AI assistants are creating two classes of writing. The first is dense, information-transfer text (like a technical plan) best consumed and summarized by an agent. The second is storytelling with a personal "vibe" intended for human readership and emotional connection.
For tools designed for AI interaction, the ease with which an agent can use the product (AX) is as critical as the user experience (UX) for humans. This can be improved by directly asking the agent for feedback on how to make the product more ergonomic for it.
The intentional simplicity of a tool like Proof, which lacks a central document index, makes it a frictionless "sketchpad." This allows for rapid brainstorming with AI agents without the organizational overhead or "contamination" of formal systems like Notion or GitHub.

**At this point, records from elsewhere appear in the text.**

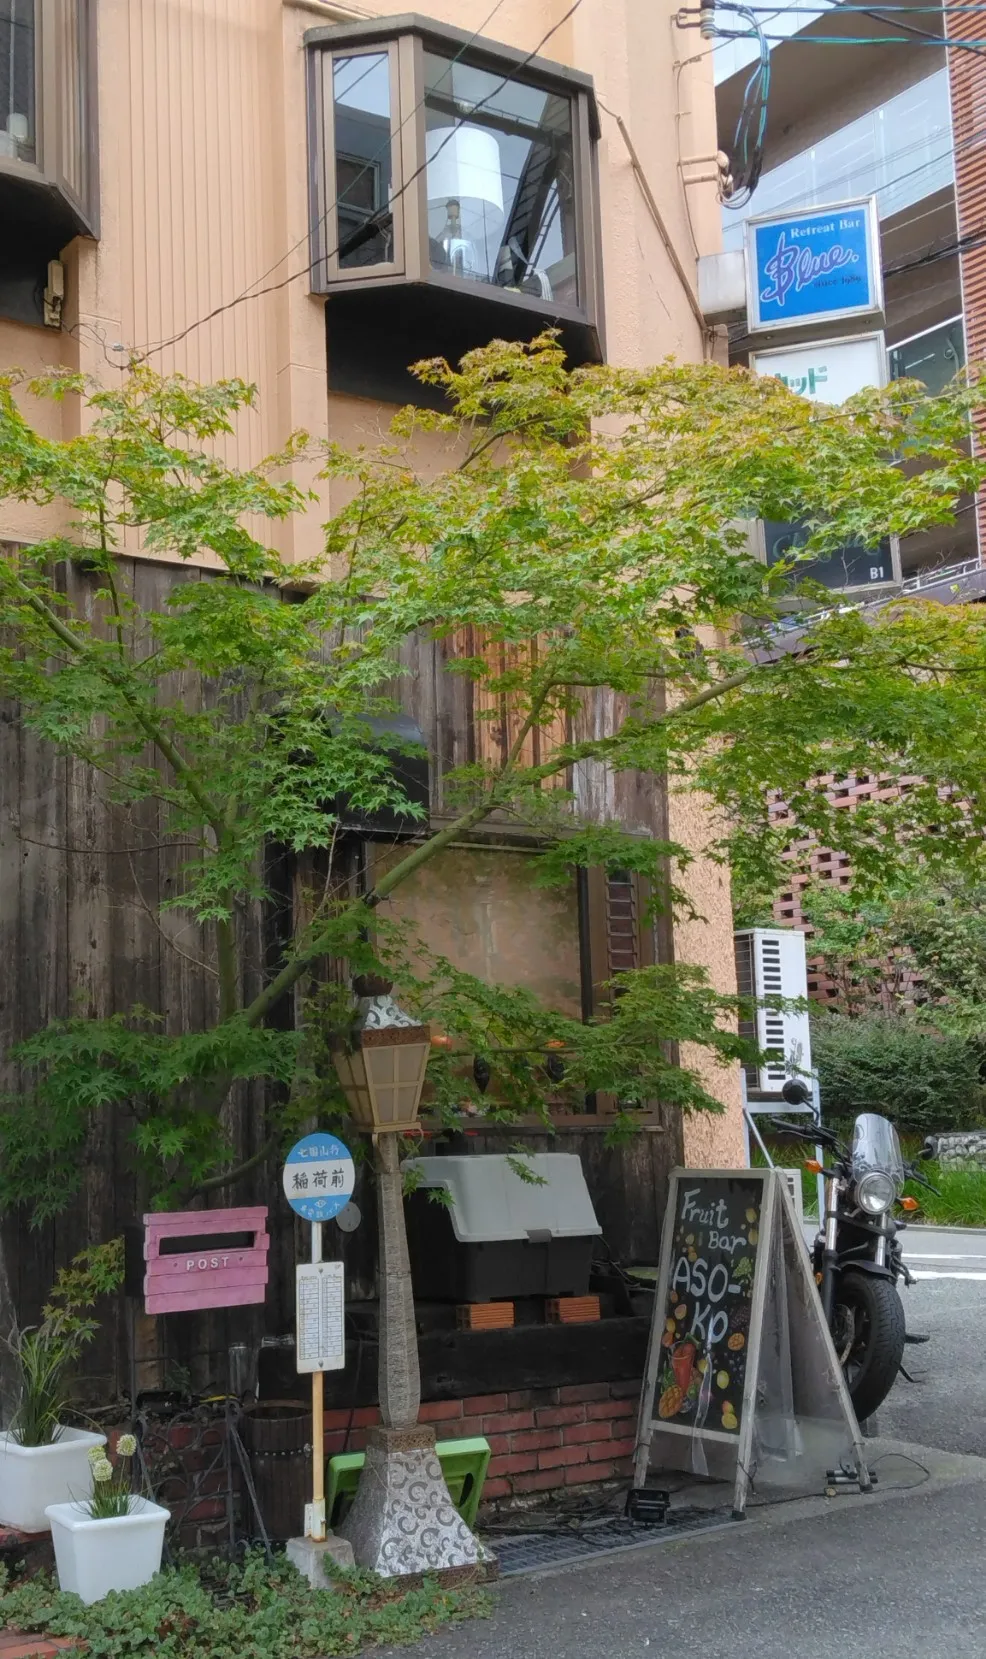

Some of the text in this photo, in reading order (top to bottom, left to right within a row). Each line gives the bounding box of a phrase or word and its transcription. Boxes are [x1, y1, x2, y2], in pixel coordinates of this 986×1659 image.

[791, 219, 861, 239] Retreat Bar
[869, 566, 885, 580] B1
[291, 1167, 345, 1191] 稲荷前
[681, 1188, 729, 1229] Fruit
[707, 1230, 747, 1255] Bar
[186, 1256, 229, 1271] POST

Because AI generates comprehensive plans so quickly, their value is often temporary. This challenges the assumption that all documents need a permanent, organized home, suggesting that ephemeral, link-based access is sufficient for many AI-driven workflows.

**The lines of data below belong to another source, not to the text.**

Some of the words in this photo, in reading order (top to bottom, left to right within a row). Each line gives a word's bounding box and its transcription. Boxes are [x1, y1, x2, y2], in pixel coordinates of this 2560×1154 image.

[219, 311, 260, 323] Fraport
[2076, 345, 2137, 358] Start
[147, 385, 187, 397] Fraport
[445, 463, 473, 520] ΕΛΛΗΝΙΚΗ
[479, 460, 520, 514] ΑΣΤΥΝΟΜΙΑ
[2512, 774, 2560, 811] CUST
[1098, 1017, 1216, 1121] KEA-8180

Unlike humans, who face social consequences for ruining a shared document, AI agents have immense power but no responsibility. This creates a novel UX challenge: preventing multiple agents working together from degrading or "polluting" a collaborative document with bad edits.
The team's initial product, a Mac app to track human vs. AI contributions, saw little traction. Adoption skyrocketed only after pivoting to a web-based document for real-time collaboration between people and their AI agents, revealing the true product-market fit.
Proof wasn't a top-down initiative but a side project built by the CEO during his spare time. This "vibe coding" approach solved a real, felt need internally, resulting in rapid organic adoption and a culture where everyone started contributing to the product.
When AI agents handle the bulk of text generation, the human's role shifts from primary author to a high-level director. Instead of writing from scratch, the human intervenes sparingly to make crucial changes, a feeling described as "God coming down" to add a single sentence.